Chapter Two

A young monk hears voices in his head. A dream - and something more. Wolves in the temple. A father's sacrifice...

Chapter Two: The Boy

Constant knelt on his prayer mat and shifted his weight until he was comfortable. He tried to clear his mind.

It had been a bad day. The news from the far south was bleak. The Bastion had fallen. Wolves roamed the southland, raping and slaughtering at will. None could stand against them. A few survivors had fled but there wasn't much for them to flee to. The land around the Bastion was hard country.

Constant wanted to do something, but there was nothing he could do. The worst thing was that everyone looked at him as if he had all the answers. He had ordered prayers said and bells struck for the people of the Bastion. The wheels turned and the monks chanted. Constant tried not to think about what the Bastion falling meant for humans, but he knew without thinking about it. There were no more cities to fall.

Prayers were always said.

On the floor in front of him there was a small metal bowl half-filled with water, a fire steel and tinder, and a thin yellow candle, tallow spitting as the flame danced around the wick.

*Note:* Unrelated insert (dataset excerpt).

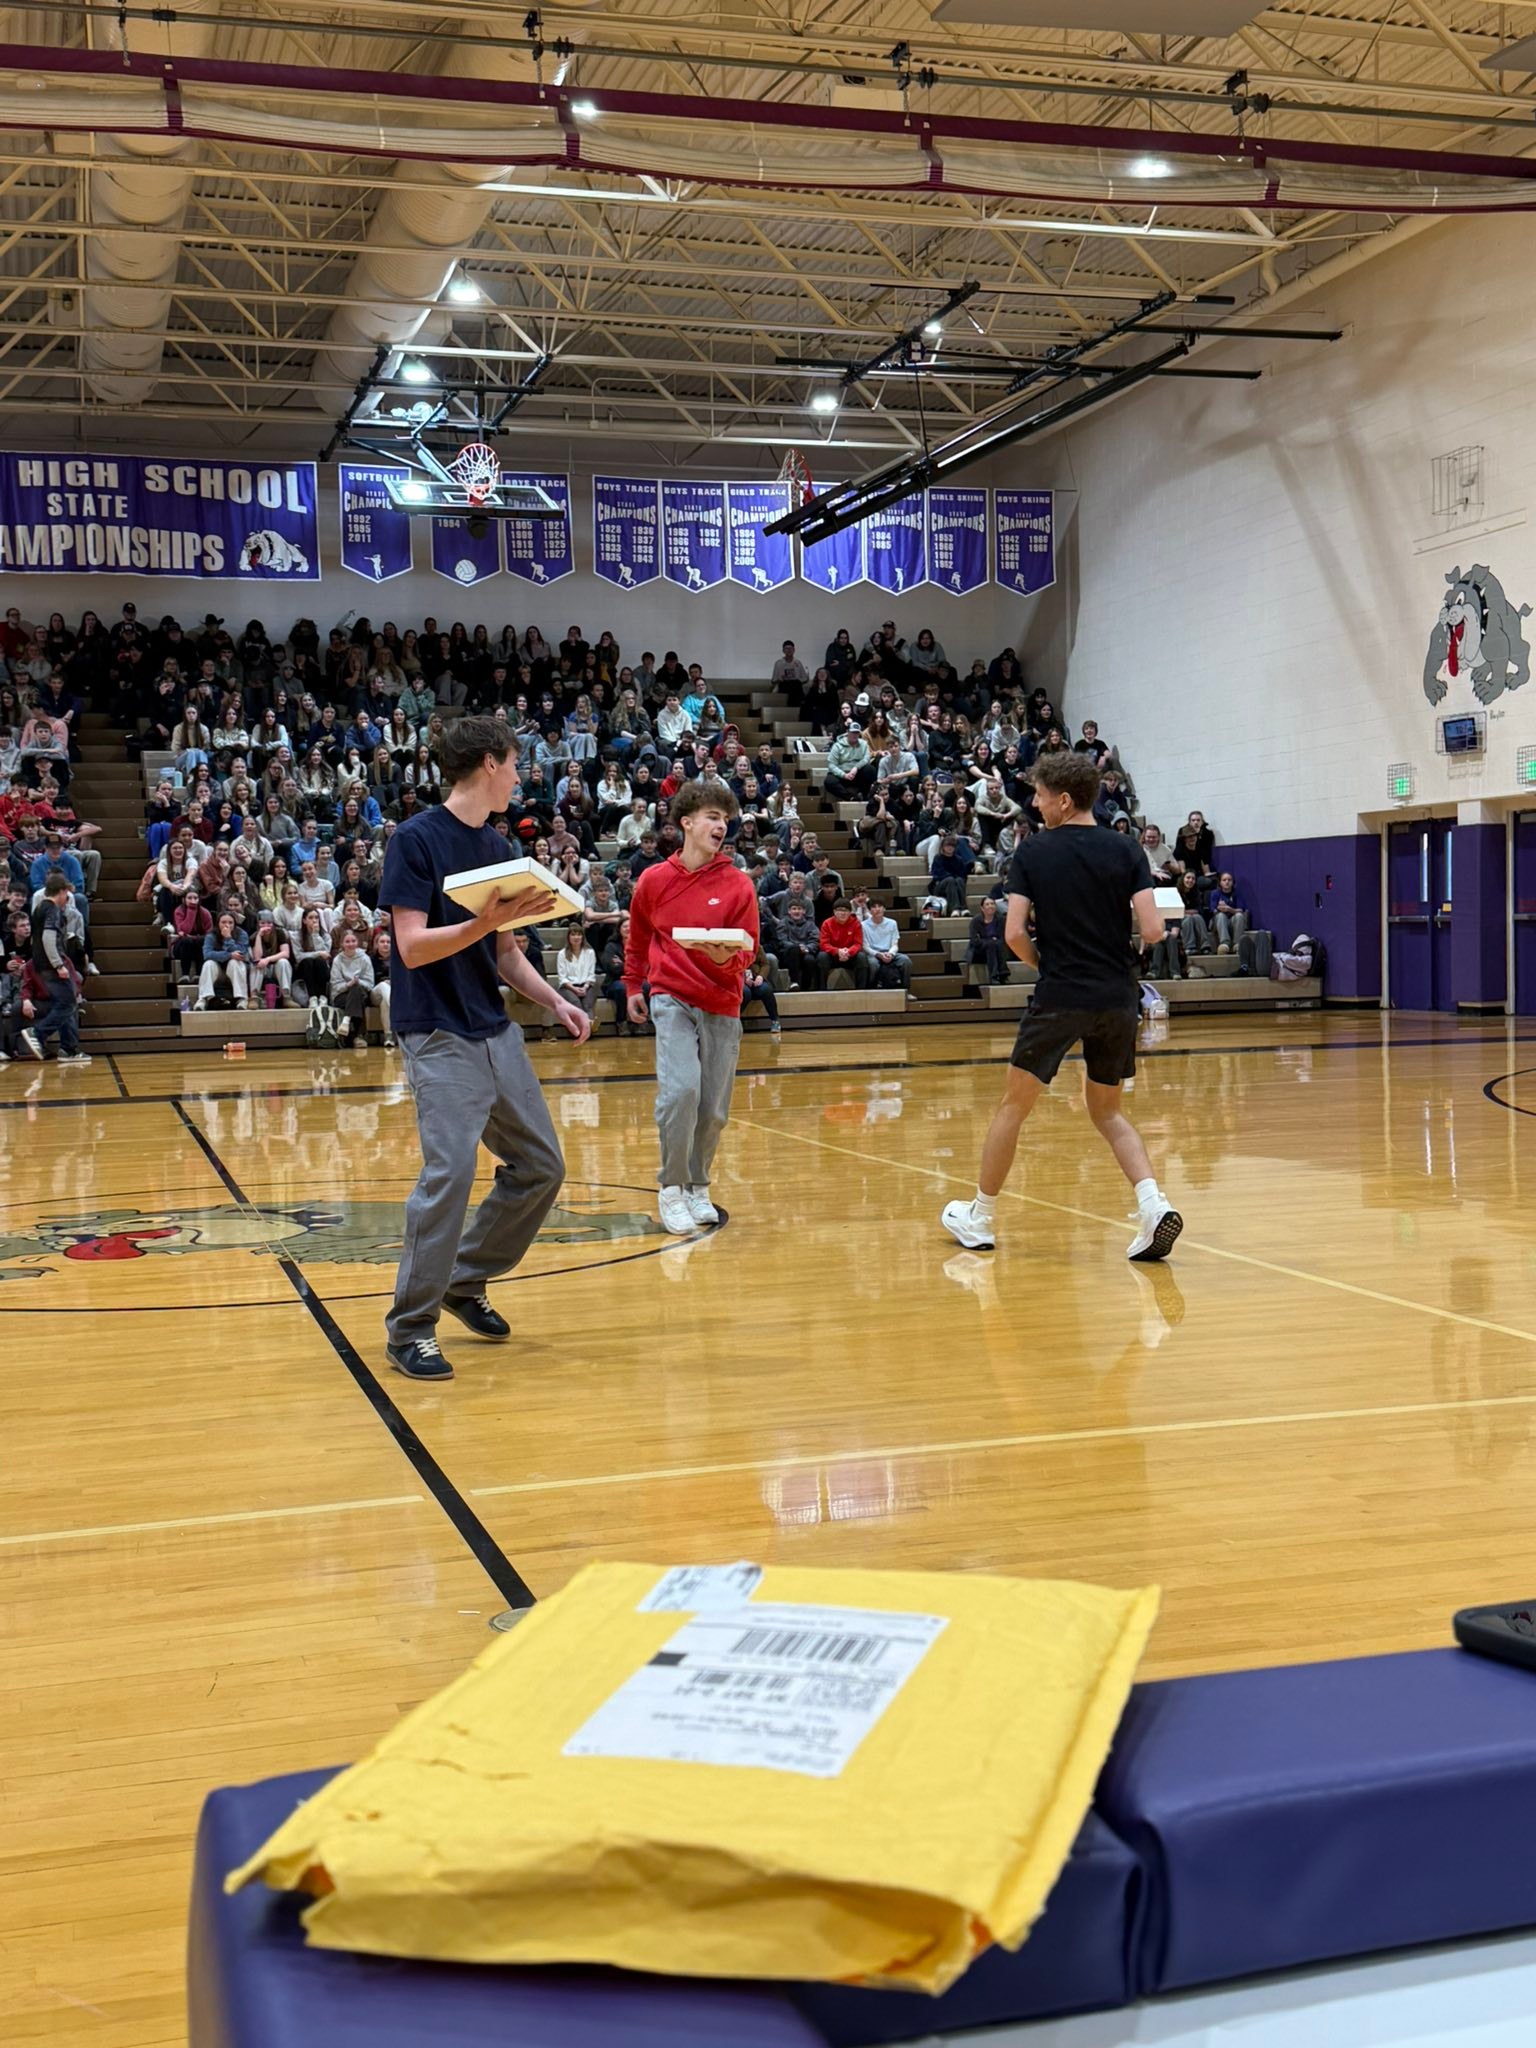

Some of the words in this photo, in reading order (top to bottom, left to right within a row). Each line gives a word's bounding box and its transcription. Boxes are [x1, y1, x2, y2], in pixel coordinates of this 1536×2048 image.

Constant took a deep breath and steeled himself for what was to come. In his mind, he said his words.

I am myself

I am alone but not alone

I know my own mind.

Over and over he said them, until the familiar sense of calm flowed through him. He lowered himself into a half bow and held his arms out sideways in supplication. He counted in his head, eleven times to eleven, focusing on each number as he thought it, slowly emptying his head of all other thoughts. When he was ready he blew out the candle and began the prayer.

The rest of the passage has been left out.